Выбрать главу

Виктор ТОЧИНОВ

ПЯТИОЗЕРЬЕ

Посвящается Наде и Антону.

Предуведомление автора

Роман полностью вымышлен. В основе его не лежат никакие реальные факты, а также не описаны действительно существующие люди, организации и населенные пункты. И если кому-то покажутся знакомыми действующие лица, события и пейзажи — скорее всего это совпадение, либо то, что французы называют дежа вю — эффект ложного узнавания.

ПРОЛОГ 1

Утро последнего дня, 10:15, сосновый лес

Утро выдалось роскошное — самое позднее утро.

Еще немного — солнце поднимется, выпутается из ветвей, и начнется очередной знойный день засушливого лета, сухой и жаркий. Но сейчас, когда уже отступила знобящая рассветная прохлада, и еще не пришла полуденная жара — хорошо.

Часовой прохаживается по поляне. Тридцать шагов туда, тридцать обратно: от кустов на опушке — мимо палатки из выгоревшего брезента — к высоченным соснам, высящимся над песчаным обрывом. Внизу, под обрывом, — озеро, но туда часовой не смотрит...

Белые кроссовки бесшумно раскидывают толстый слой пожелтевших иголок. Попавшие под ногу круглые шишки скрипят, как обиженные маленькие ежики.
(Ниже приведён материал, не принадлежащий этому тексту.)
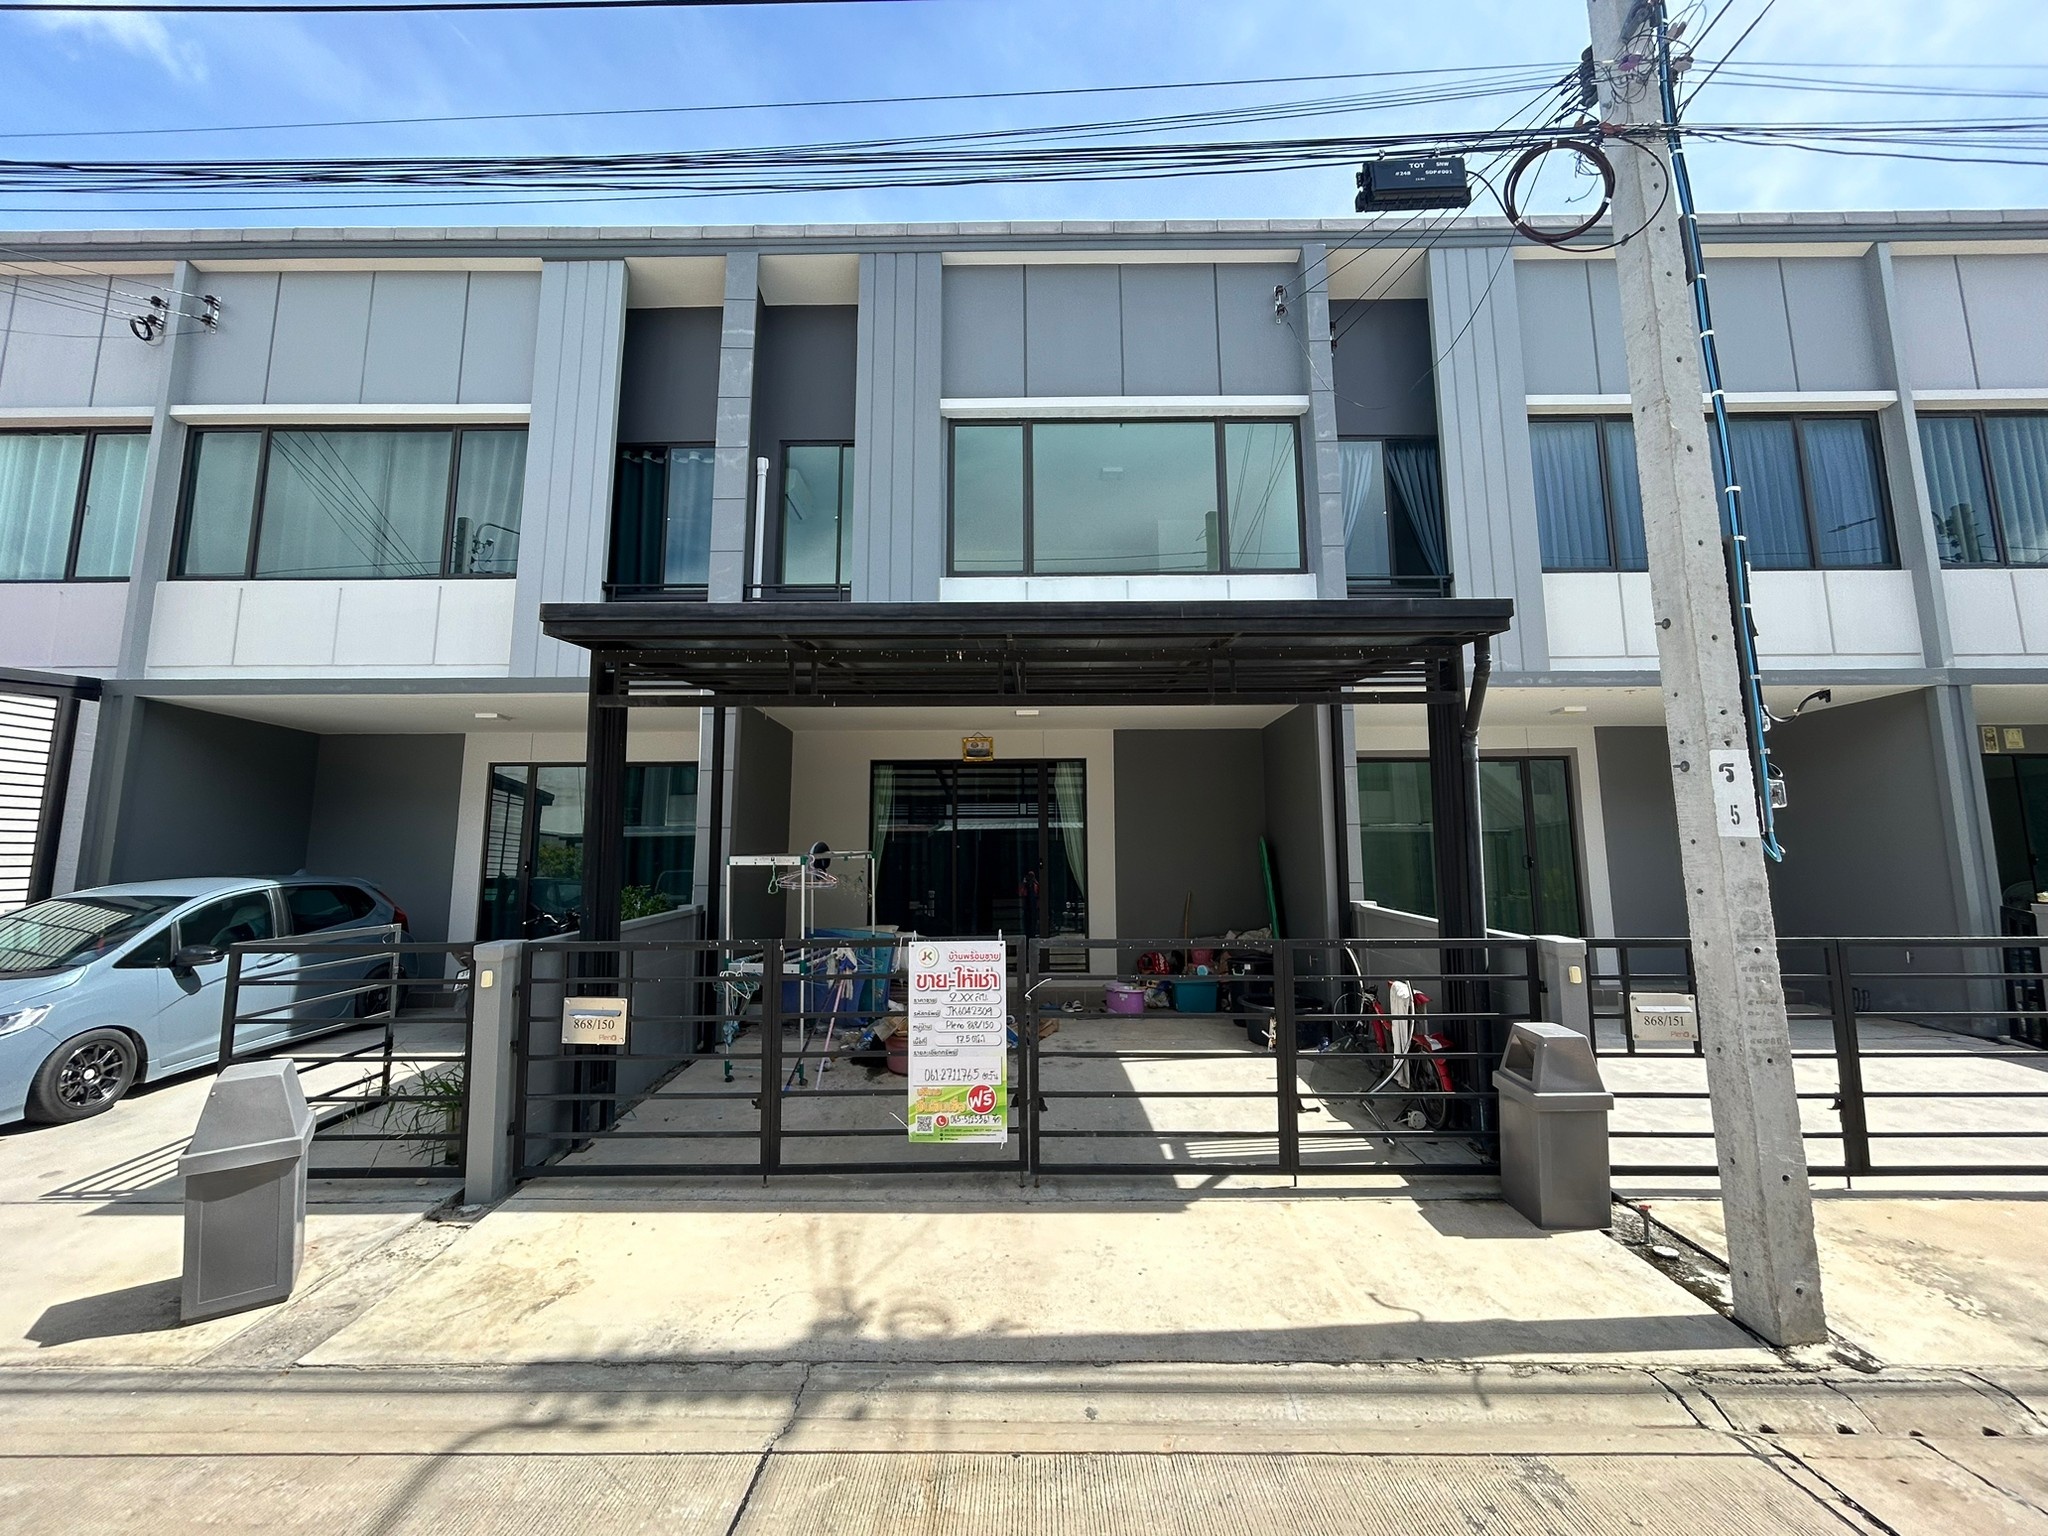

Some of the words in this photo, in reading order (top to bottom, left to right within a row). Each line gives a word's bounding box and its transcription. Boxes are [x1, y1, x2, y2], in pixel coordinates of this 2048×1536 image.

[1730, 804, 1741, 825] 5
[921, 951, 933, 961] JK
[948, 951, 1001, 961] บ้านพร้อมขาย
[916, 966, 998, 989] ขาย-ให้เช่า
[573, 1019, 615, 1030] 868/150
[1643, 1015, 1685, 1026] 868/151
[969, 1088, 993, 1108] ฟรี
Вокруг красиво... Часовой не замечает — привык.

Он не изощряет зрение и слух — этот пост последняя, скорее символическая, линия обороны. Все подходы перекрыты секретами, а неподалеку ждет своего часа резерв — ударная группа, еще не участвовавшая в первых утренних стычках.

Мимолетный взгляд на левое запястье; часы — дешевая китайская электроника. До смены сорок восемь минут. Потом — съесть оставленный в термосе завтрак и, отпросившись у командира или попросту улизнув от него, сбегать искупаться на Чашку, самое маленькое и самое глубокое из кристально-чистых озер Пятиозерья.

Начинает припекать.

Часовой останавливается у палатки, небрежно прислоняет автомат к натянутому брезенту и расстегивает защитный комбинезон (цвет не по сезону — желтоватые пятна на буром фоне больше подходят для середины осени). Вздыхает о забытой в лагере кепке-афганке. Развязав тесемки синей нарукавной повязки, пристраивает ее на голову, на соломенного цвета вихры — на манер хайратки. И — снова движется привычной дорогой.
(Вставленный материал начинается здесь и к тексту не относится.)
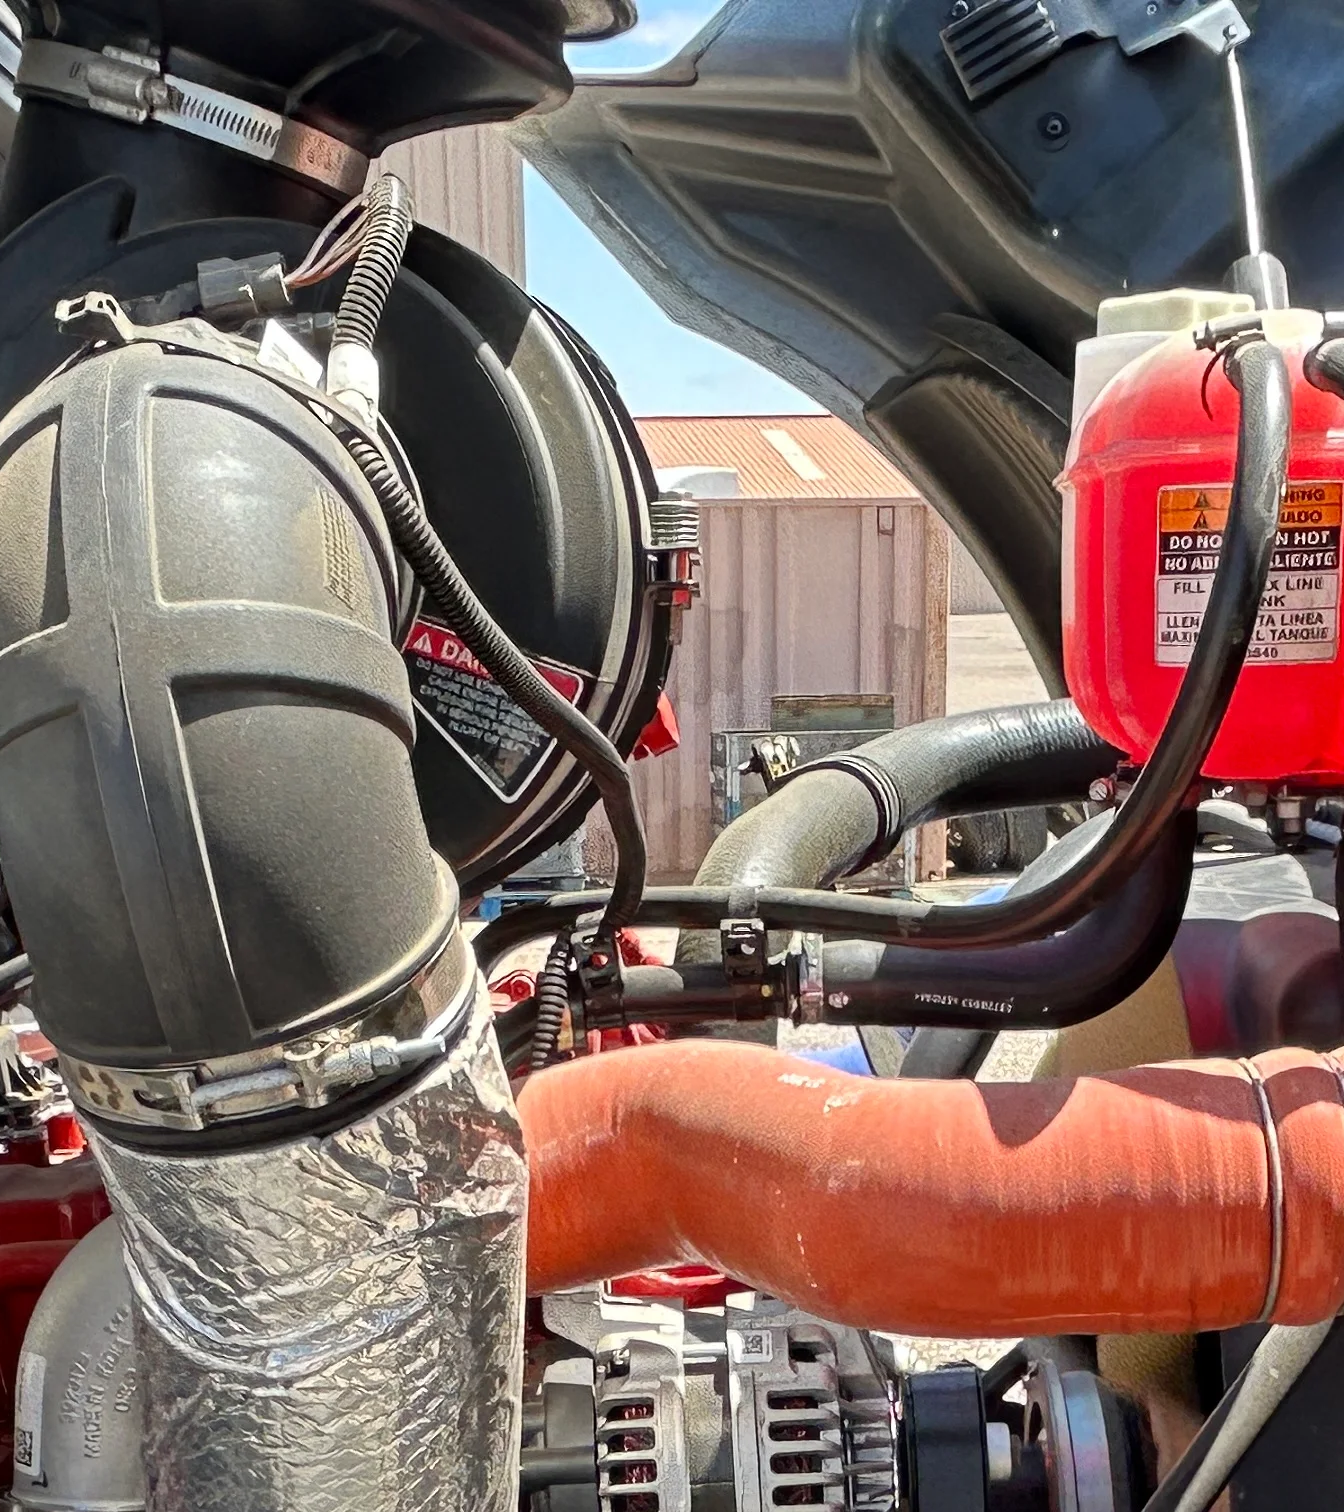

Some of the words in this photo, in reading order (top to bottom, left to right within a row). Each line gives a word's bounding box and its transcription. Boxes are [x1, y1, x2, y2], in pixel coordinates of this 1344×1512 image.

[1169, 535, 1193, 550] DO
[1196, 535, 1224, 549] NO
[1294, 530, 1331, 545] HOT
[1173, 580, 1206, 594] FILL
[1286, 576, 1324, 591] LINE
[1261, 594, 1287, 608] NK
[1166, 615, 1200, 629] LLEN
[1270, 627, 1329, 642] TANQUE
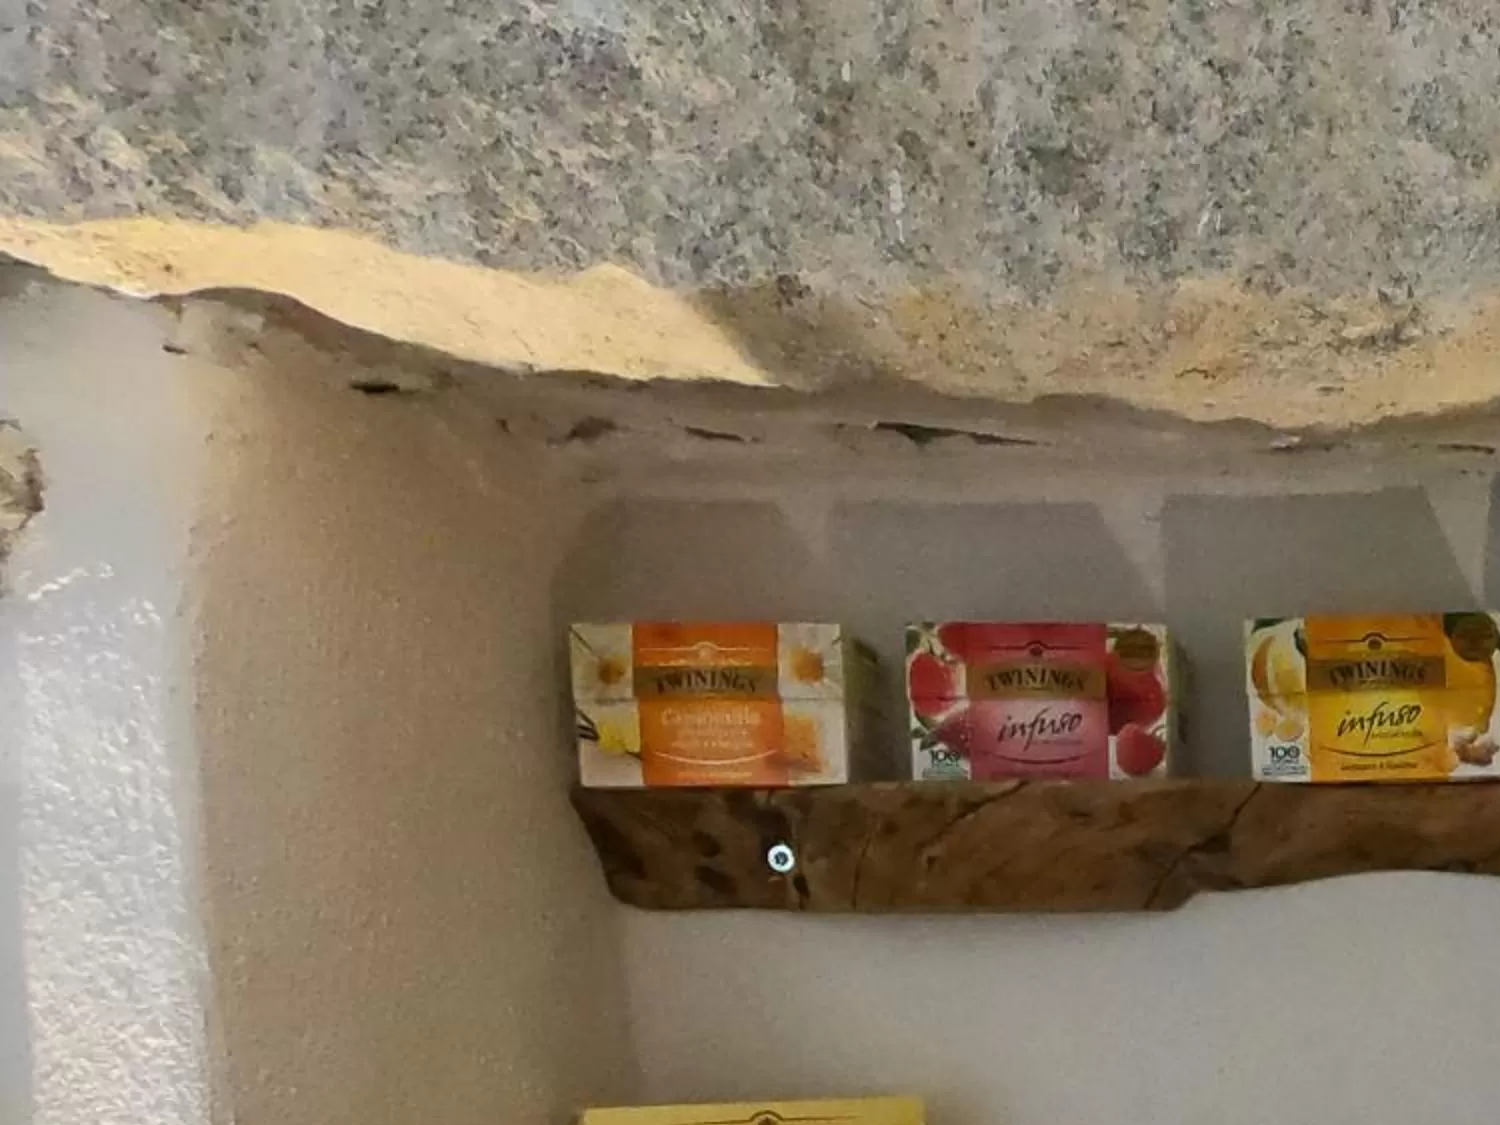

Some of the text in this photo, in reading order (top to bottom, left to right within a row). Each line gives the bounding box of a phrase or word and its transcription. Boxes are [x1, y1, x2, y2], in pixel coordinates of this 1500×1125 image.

[655, 669, 757, 695] TWININGS
[986, 667, 1086, 692] TWININGS
[1329, 658, 1427, 686] TWININGS
[997, 707, 1083, 751] infuso
[1337, 701, 1422, 746] infuso
В паре шагов до очередного разворота — непонятный звук. Сзади. Часовой резко разворачивается. Вскидывает оружие. С буро-зеленой крыши палатки скатывается пустая консервная банка — большая, неровно вскрытая, тронутая ржавчиной. На боку жестянки буквы, нарисованные толстым черным маркером.

— Что за дурацкие... — Часовой подается вперед, пытается разглядеть надпись.
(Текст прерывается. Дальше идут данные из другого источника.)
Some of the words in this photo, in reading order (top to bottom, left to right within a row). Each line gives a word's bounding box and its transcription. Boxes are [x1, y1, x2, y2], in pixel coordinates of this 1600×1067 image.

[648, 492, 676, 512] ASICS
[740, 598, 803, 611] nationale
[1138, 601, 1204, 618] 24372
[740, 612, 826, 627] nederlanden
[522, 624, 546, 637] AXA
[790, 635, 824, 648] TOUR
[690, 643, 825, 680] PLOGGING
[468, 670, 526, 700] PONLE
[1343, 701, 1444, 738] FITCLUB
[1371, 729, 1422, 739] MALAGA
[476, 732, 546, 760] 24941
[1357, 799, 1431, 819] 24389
За его спиной, из-за толстой сосны — стремительная фигура в пятнистом, утыканном веточками камуфляже. Молниеносный бросок. Согнутая рука — сзади, на шею. Стальной капкан. Дыхание перекрыто — удивленная фраза обрывается. Булькающее хрипение.

Часовой пытается бороться, не видя противника. Старается разомкнуть пальцами захват, отгибающий голову к спине. Безуспешно... Локтем бьет назад — сильно и резко.

Мимо, тенями — камуфляжники, — двое? трое? — наступив на отлетевший автомат, скользят в палатку. Тут же выныривают со знаменем в руках. На синем поле летит по волнам парусник; белые буквы ДОЛ поверху и красное полукружье «Бригантина» снизу.

Полотнище рвут с древка. Треск плотной материи кажется часовому убийственно оглушающим, пробивающим и корежащим тело сверху донизу... Но это просто что-то мерзко хрустит в его гнущейся назад и вбок шее.

Через треть минуты на поляне нет никого из незваных пришельцев. Валяется оскверненное древко, ветерок перебирает кудри потерявшего повязку-хайратку часового.

Открытые глаза смотрят через плечо в бездонную синеву неба, вывернутая рука застыла, не дотянувшись до автомата.

До раздавленного пластмассового муляжа автомата...

Сегодня — утро первого дня Игры. И — утро последнего дня Игры.

Игры в «Зарницу».

ПРОЛОГ 2

Пик-над-Мирами. Времени нет

Странное это было место. Или есть, или будет — время тут играет в прятки, то исчезая и делая вид, что его нет — то возникая бьющим во все стороны фонтаном — и страшна участь попавшего между струй.

ОН — не боялся. ОН стоял на вершине Пика-над-Мирами и смотрел вниз — или стоит и смотрит, или будет стоять и смотреть — можно сказать как угодно, и все будет неправильно. Чтобы стоять — нужны ноги, чтобы смотреть — глаза. Но ОН находился на вершине и видел — не глазами — что внизу.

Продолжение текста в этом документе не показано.